Segment Start: Dataset content

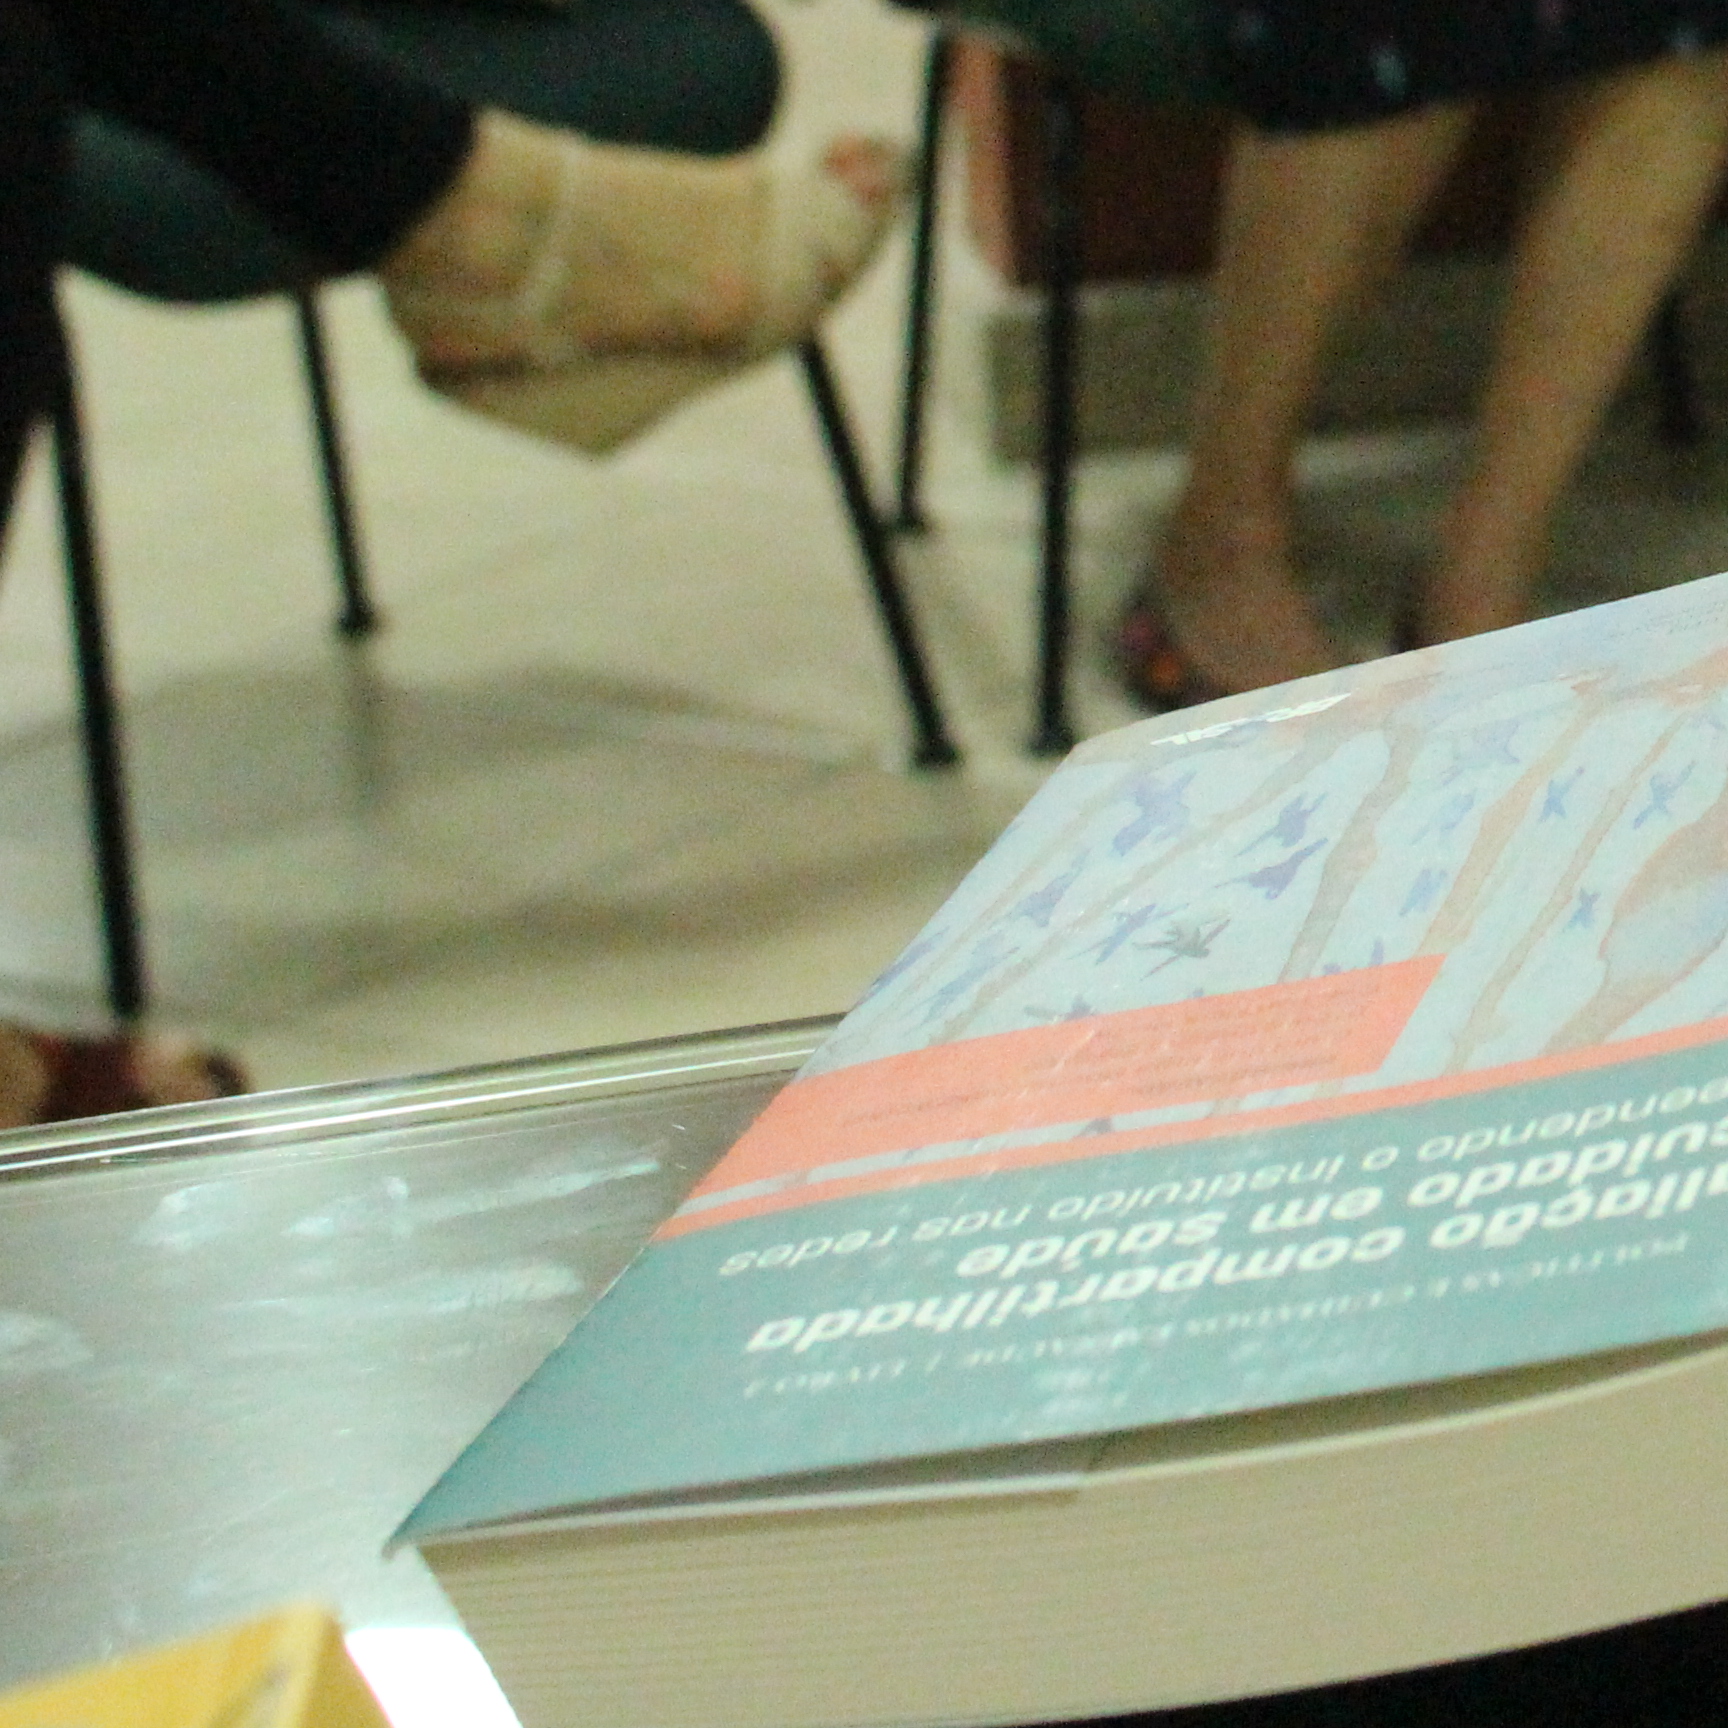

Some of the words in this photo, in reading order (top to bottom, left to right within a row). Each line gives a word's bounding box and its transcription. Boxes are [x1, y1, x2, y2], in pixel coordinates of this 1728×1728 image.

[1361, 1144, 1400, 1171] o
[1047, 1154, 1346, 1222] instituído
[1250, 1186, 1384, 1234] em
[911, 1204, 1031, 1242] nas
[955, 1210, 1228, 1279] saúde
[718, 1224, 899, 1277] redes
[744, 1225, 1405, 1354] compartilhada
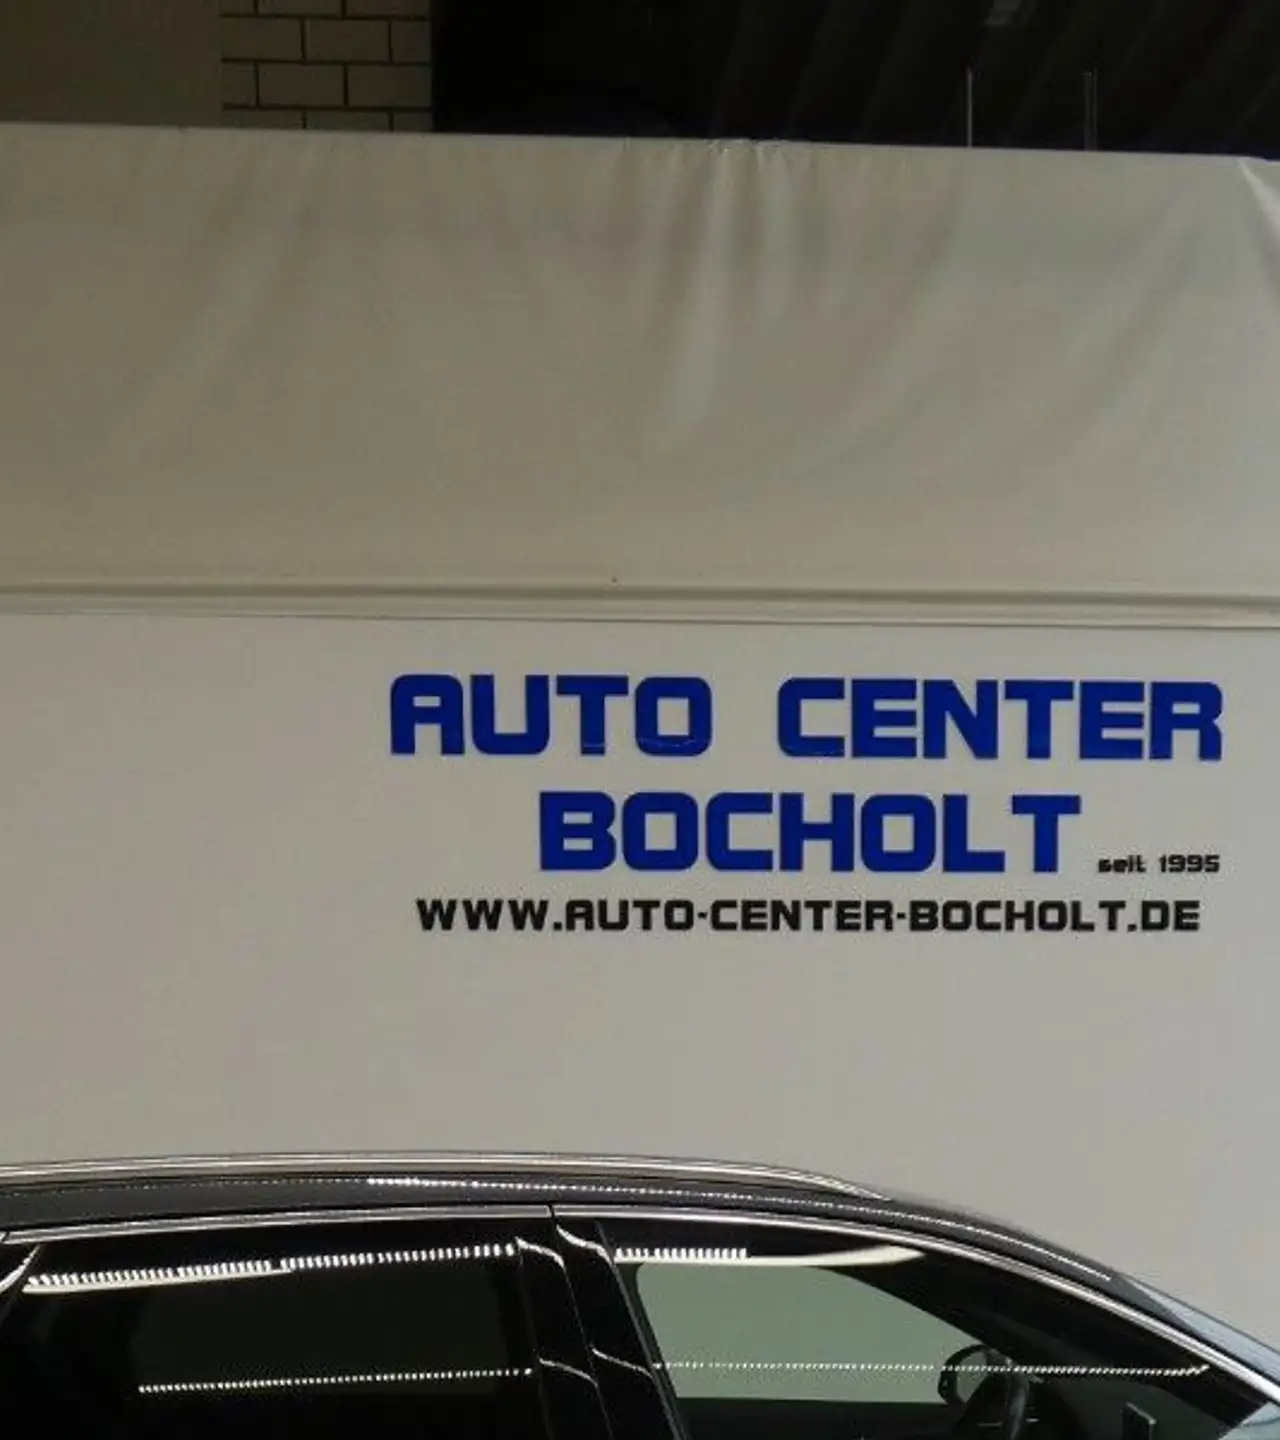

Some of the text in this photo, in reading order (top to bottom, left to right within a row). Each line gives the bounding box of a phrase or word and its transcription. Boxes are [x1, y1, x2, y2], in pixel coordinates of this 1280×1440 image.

Segment End: Dataset content

Nothing but an exact copy of the data, without pictures, should be returned.

Some of the words in this photo, in reading order (top to bottom, left to right within a row). Each line gives a word's bounding box and its transcription. Boxes are [x1, y1, x2, y2], in pixel coordinates of this 1728×1728 image.

[1361, 1144, 1400, 1171] o
[1047, 1154, 1346, 1222] instituído
[1250, 1186, 1384, 1234] em
[911, 1204, 1031, 1242] nas
[955, 1210, 1228, 1279] saúde
[718, 1224, 899, 1277] redes
[744, 1225, 1405, 1354] compartilhada

Some of the text in this photo, in reading order (top to bottom, left to right within a row). Each line gives the bounding box of a phrase or word and its transcription. Boxes are [x1, y1, x2, y2], in pixel coordinates of this 1280×1440 image.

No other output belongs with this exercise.